An article about Don Giovanni’s chilling conclusion which sees its main character, Don Giovanni being taking away in to the fires of hell. 

Don Giovanni finds himself in the comfort of his own home, hosting the feast which is his usual meal of the late evening. It being with his customary joy that he goes about enjoying the food which Leporello (his servant) has prepared for him. This after Donna Elvira has left his home with the frustration of not having been able to convince Don Giovanni to change what she perceives as his evil ways and become the faithful lover she had always desired. Don Giovanni, having insisted that his delight is for life and all the many women in it whom he will not sacrifice for one and does not care if there be consequences to pay for his deeds. This being something which he is adamant about and will not discuss the issue further than to take mirth at the idea. 

It however is after Donna Elvira leaves the scene that Leoporello informs Don Giovanni that the statue of “Il Commendatore” is approaching and making footsteps in their direction. Don Giovanni, naturally thinks his servant has gone insane and declares “Tu sei matto in verita, in verita!” (You are really crazy!) as Leporello gazes with shock and horror as he describes the statue which he invited to dinner at Don Giovanni’s insistence; approaching. 

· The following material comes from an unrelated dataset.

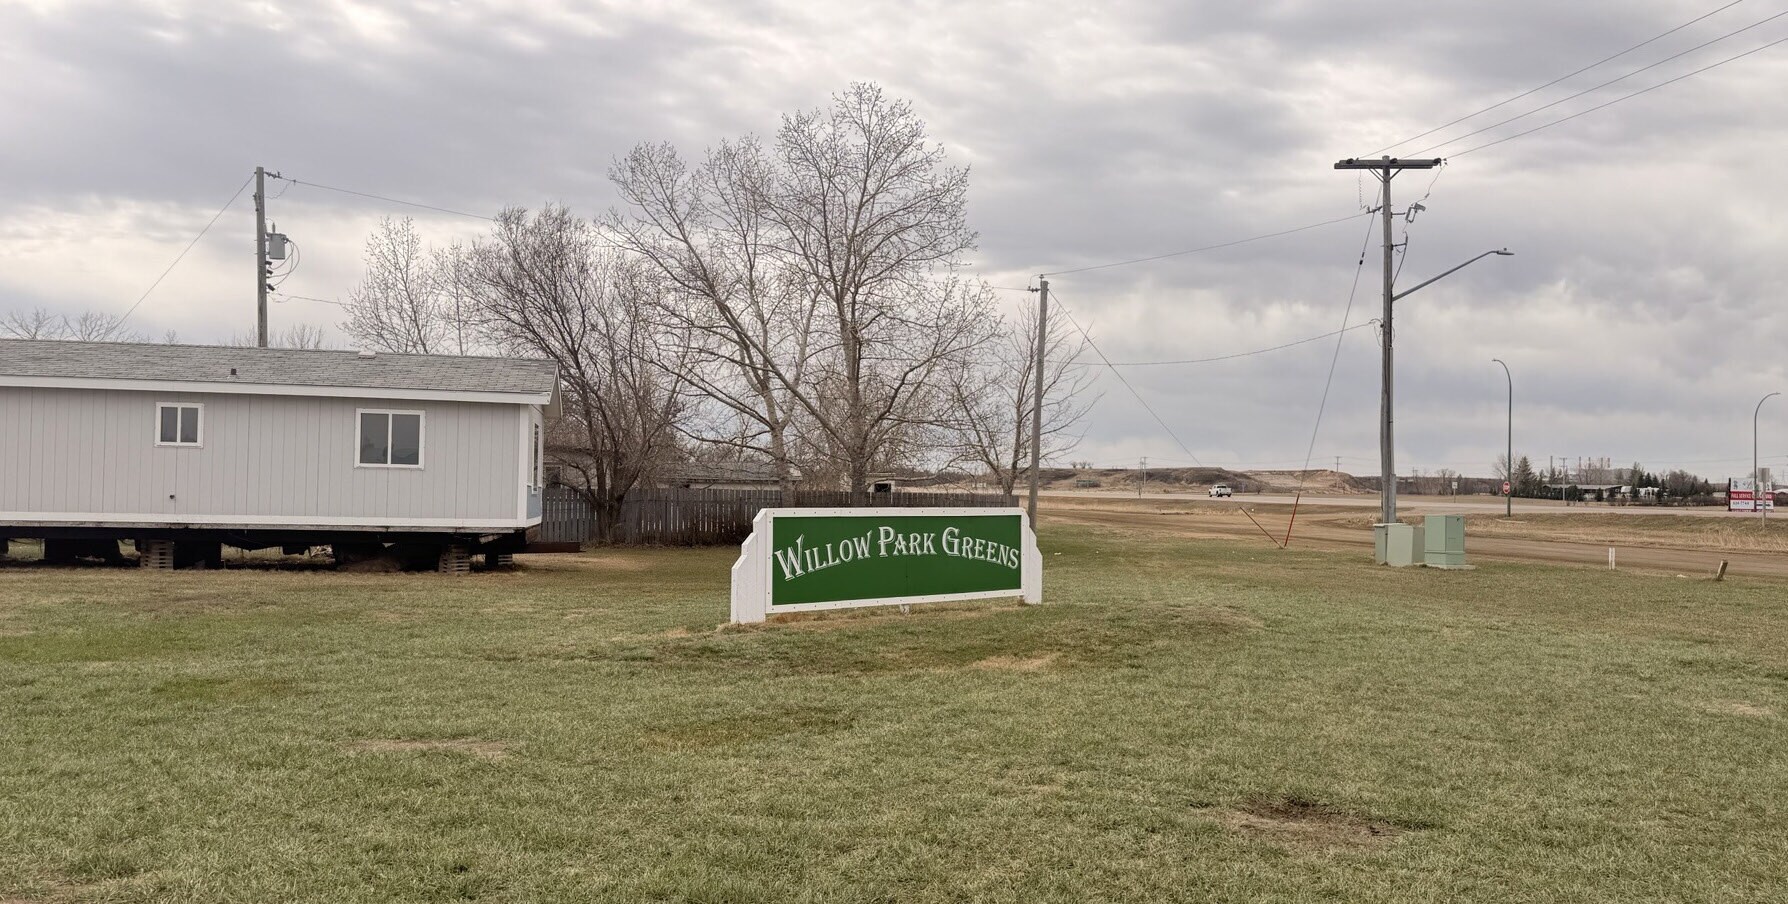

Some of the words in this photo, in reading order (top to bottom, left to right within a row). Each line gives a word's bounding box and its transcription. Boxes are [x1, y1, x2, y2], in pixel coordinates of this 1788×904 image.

It is at that moment, as Don Giovanni and Leporello argue over the statue of Il Commendatore (Don Giovanni having killed il commendatore at the start of the opera) that it makes its way in to Don Giovanni’s home. Il Commendatore’s being a most impressive entrance. As he breaks through a wall to show his power with the words “A Cenar Teco” bursting from him to announce that he is there for a purse. Don Giovanni is astonished while Leporello hides under the table and Il Commendatore continues by claiming that he was indeed invited to dinner. Don Giovanni however after the initial impression wears off claims “I never would have believed it!” and then orders Leporello to get a dinner for Il Commendatore, who claims that he has not come to eat; as there are no meals in the spiritual world. Leporello is terrified believing il commendatore has come to kill them all while Don Giovanni with a certain degree of indignity asks what purse brings his guest to his home if not a meal. 

It is then that il commendatore invites Don Giovanni to dine with him at his place to which with both strength of voice as well as character demands an answer. Leporello advises Don Giovanni to refuse yet Don Giovanni accepts, for in all he will not be intimidated. This making the commendatore offer his hand which Don Giovanni with some apprehension takes to find that the hand being offered is as cold as ice. 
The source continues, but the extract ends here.